While breastfeeding may come easy to some, it certainly did not come easily to me.

I have two biological children and with both babies, my body has had to work extremely hard to feed them.

When my body is in the midst of breastfeeding, I have to constantly think about what and how much I eat, drink, sleep, and exercise.

I have to take multiple supplements, visit a specialist, and be extremely diligent in order to make it possible for my body to make the milk my babies need.

I have been told time and time again that I should quit.

There is absolutely no shame in bottle-feeding and I believe that it is in fact what is best for many babies.

But for me personally, I wanted to breastfeed and it has been something worth doing anything to make happen.

I find that my decision to breastfeed is especially important to me as a mom to children with special needs.

My children with special/medical needs demand so much of my time and energy.

I am so thankful for the opportunity to care for them and learn from them.

However, sometimes I worry about my babies who don’t have a diagnosis—the ones who give up time with mom during every appointment, treatment, hospital stay, emergency, or just the daily grind of extra routines and care their siblings with special needs require.

For me, breastfeeding has been a gift I could give back to my biological children.

My youngest daughter just turned one and is still nursing a few times a day.

Oh, how I treasure these moments! Since the day of her birth, I have loved that several times a day, I needn’t do anything but sit, snuggle her close, and feed her the milk I worked hard to create.

Of course, life (especially the special needs life) isn’t always perfect or clean cut.

I have nursed with one hand while conducting feeding tube feedings, dressing changes, therapies, calming techniques, and cleaning up more bodily fluids than you would care to know about.
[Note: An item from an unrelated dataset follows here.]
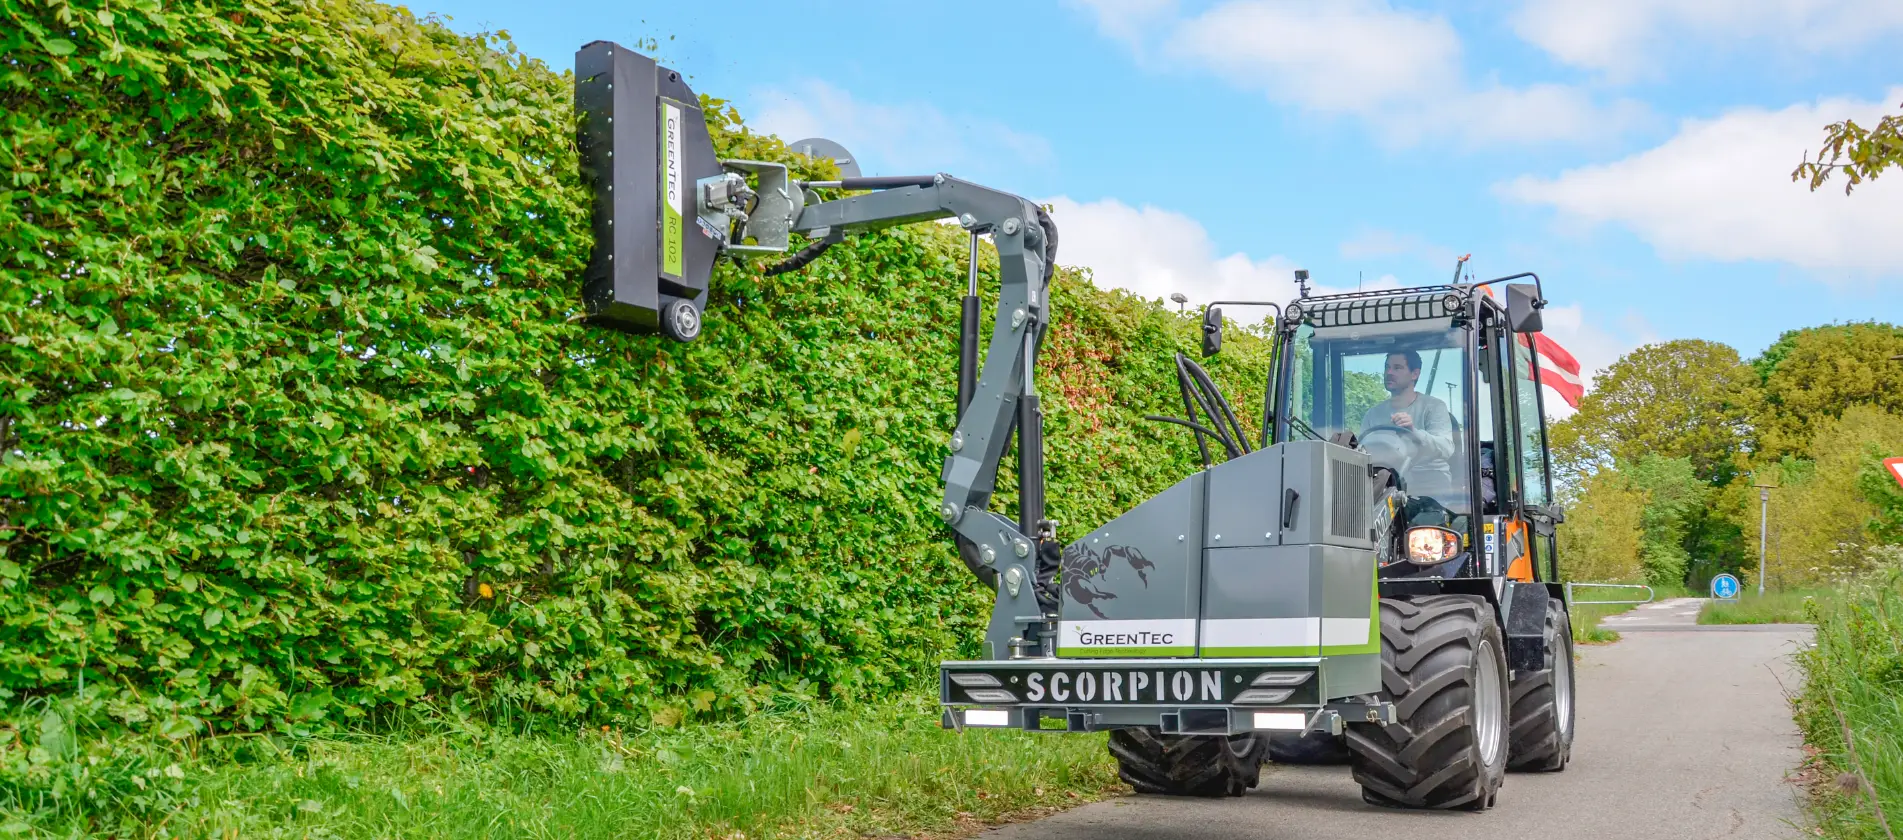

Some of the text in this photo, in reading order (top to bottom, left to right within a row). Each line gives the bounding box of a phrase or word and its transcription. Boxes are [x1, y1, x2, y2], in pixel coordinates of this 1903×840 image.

But more often than not, breastfeeding is the time that I give back to my little one and focus only on her as medical machines and meltdowns wail on in the background.

It is my way of letting her know she has me--all of me--if even for just a moment.

Even though it adds work, fatigue, and chaos to my circus, breastfeeding also adds a beauty, purpose, and unique connection my baby and I need.

As mom to such a special bunch, breastfeeding is a way that I fill my cup at the same time as I pour myself out for these little people.

I will treasure these moments in my heart for a lifetime.